A week ago, I explained how to compare two files, to see if they were in every respect the same, in particular whether their extended attributes were identical. Although that article stands, I didn’t consider a special situation: when the files in question are archives, compressed or not, which contain other files. Just for good measure, they could be encrypted too, if you want.

To understand how to tackle this, you need to understand what happens when an archive is made.

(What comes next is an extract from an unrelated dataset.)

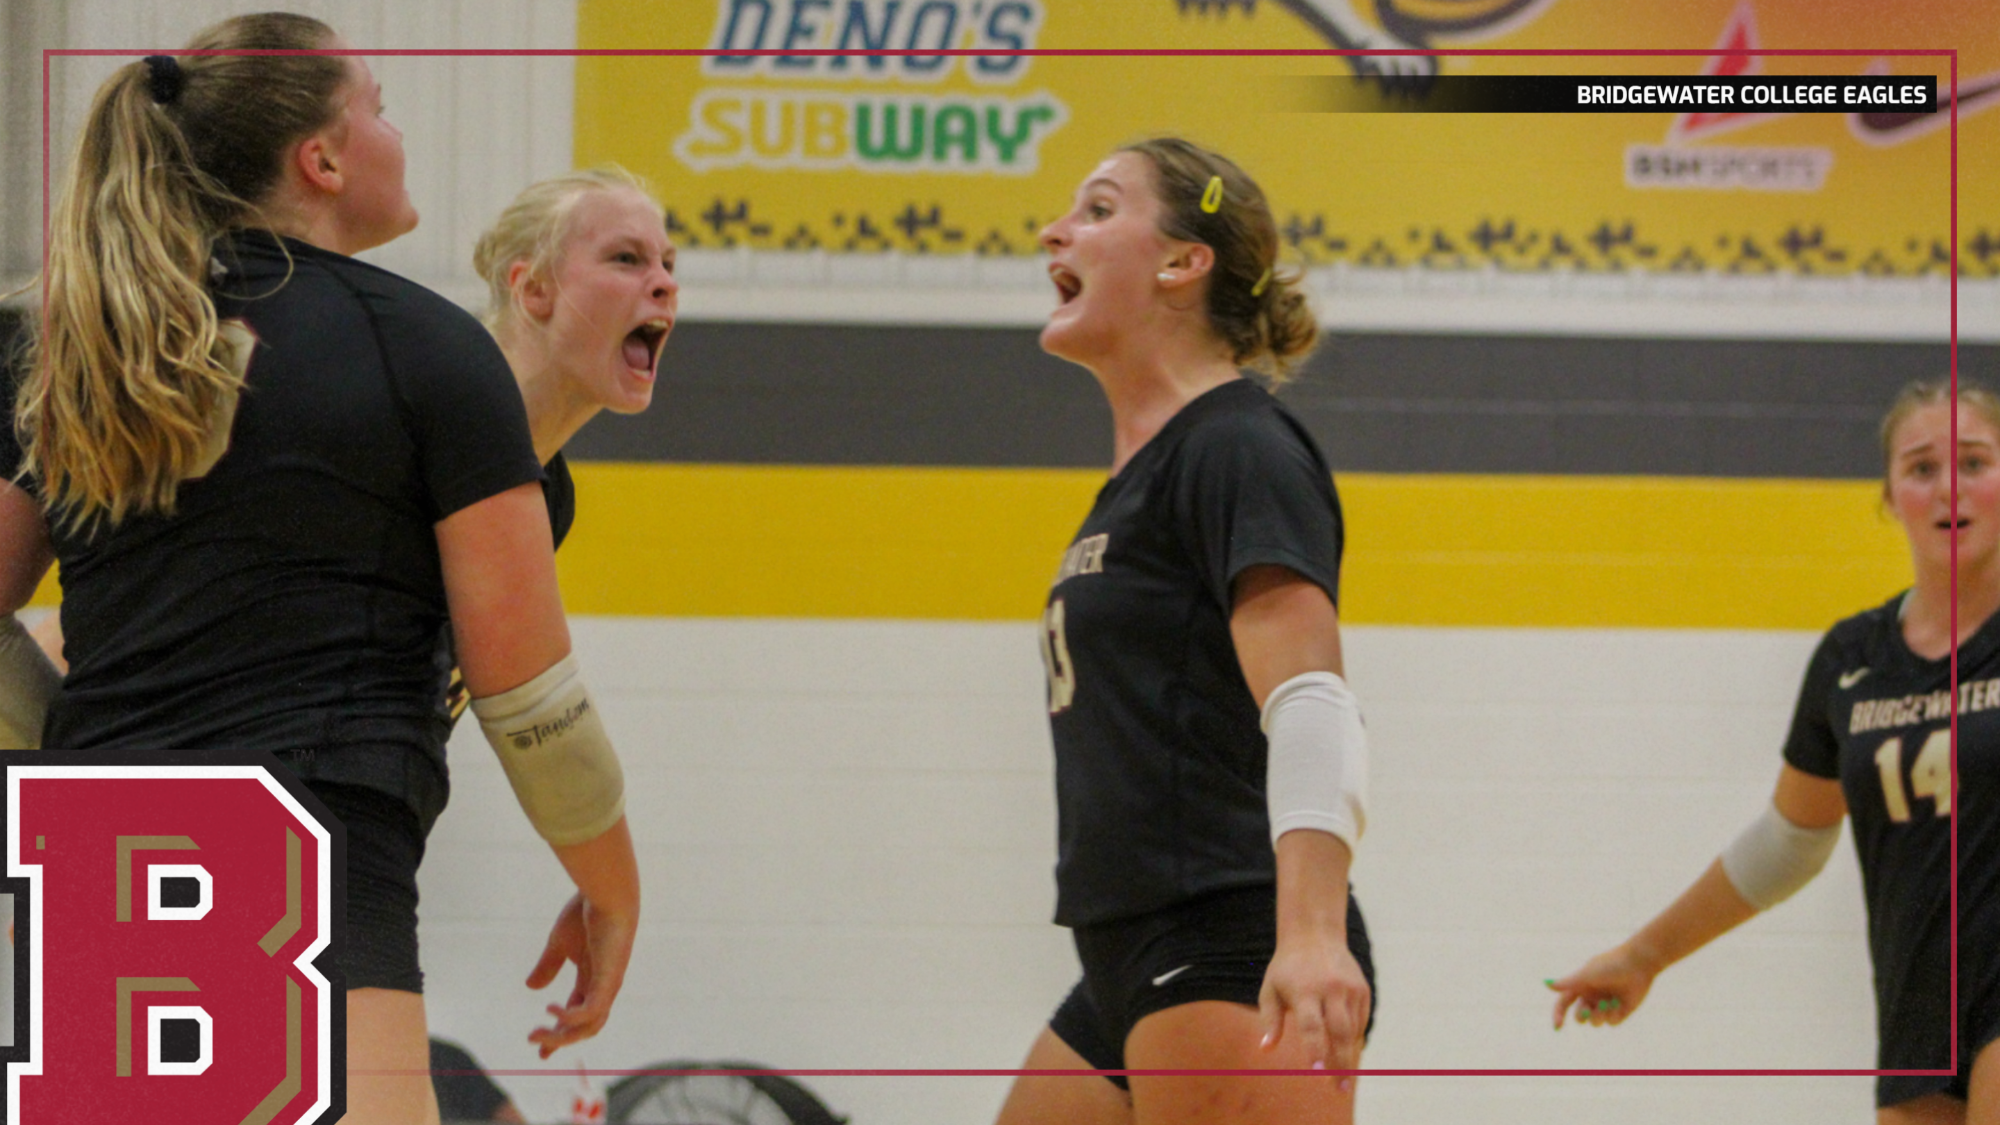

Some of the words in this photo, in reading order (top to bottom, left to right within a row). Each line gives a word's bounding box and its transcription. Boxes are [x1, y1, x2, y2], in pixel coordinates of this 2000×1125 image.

[713, 0, 1034, 74] DENO'S
[686, 98, 1056, 163] SUBWAY
[1874, 728, 1959, 823] 14

Normal ‘native’ files consist of three main types of data:

  • the attributes, including basic information about the file such as its name, date of creation, and other admin information about it;
  • the extended attributes, or xattrs, which are not stored with the file, but in the file system metadata of that volume;
  • the data (‘data fork’), which is the content that you normally get to see, such as the text content of a text file.

xattrArchives

When they are turned into an archive, which might be compressed and/or encrypted, those three parts are flattened together. The attributes are mostly put into a directory section of the archive file, and the extended attributes and data are then put together into the data (‘data fork’) of the archive file.

I don’t know of any archive format which keeps the extended attributes as xattrs. This makes it simple to preserve the extended attributes even when the archive may be stored on a file system or storage which doesn’t understand xattrs at all. Only when you unarchive the file is the data stored from the file’s xattrs turned back into extended attributes, and tucked away in the file system metadata.

Given that, how can we reliably compare two archives, to tell whether their contents are identical?

The processes of archiving and unarchiving involve one-to-one mappings. Using the same method of archiving, there is only one archive which can be made from each file, and each archived file can only unarchive into one file. So comparing the two archives using a binary comparison tool such as cmp will reveal whether their contents are identical, so long as the archives were built in an identical manner. So the first and simplest test is to compare the data fork of the two archives:
cmp archive1.sitx archive2.sitx

The snag with this is that it is usually possible to build two or more archives which contain exactly the same files, only in a different order. Although those would then actually contain identical files, simple comparison of the archived files would incorrectly report them as being different. This could also occur if the same files were archived using different versions of the archiving tool, which write the archive using a slightly different structure.

The next step, then, if the initial comparison suggests that their data forks may be different, is to unarchive their contents into a temporary folder, and compare those contents one file at a time. If you’re wanting truly identical archives, then an easy approach here is to step through each file in archive A, find whether there is an identically-named item in archive B, then compare those two with respect to their data and xattr contents.

Keep a tally count of the number of files checked in archive A, and at the end ensure that matches the total number of files in archive B. If you don’t do that, you won’t discover when archive B contains files which are not in archive A at all.

I can think of three additional twists which can make this more complex still.

Do you want to know details of the differences, or is it sufficient to know whether they are identical, or different? Working through detailed comparisons to detect and report all the differences can be quite demanding, and you could end up with a report listing thousands of differences, which get messy to handle.

How close do you want these files to match? You may want to build in tolerance for differences in attributes, such as different creation/modification dates, or even different names, provided that the data forks and xattrs match identically. Flexibility here comes at the cost of complexity.

Some archive formats store files using a standard flattened format, so you could simply extract that flattened format (in which xattrs are effectively part of the file’s data) and compare that as a chunk of data. That could be much quicker than unarchiving both the archives, and would probably be the preferred ‘professional’ solution.

If you simply want to know whether the archives contain identical files or not, it shouldn’t be hard to write an Automator workflow, AppleScript, or shell script based on cmp and cmpxat which will do this very well.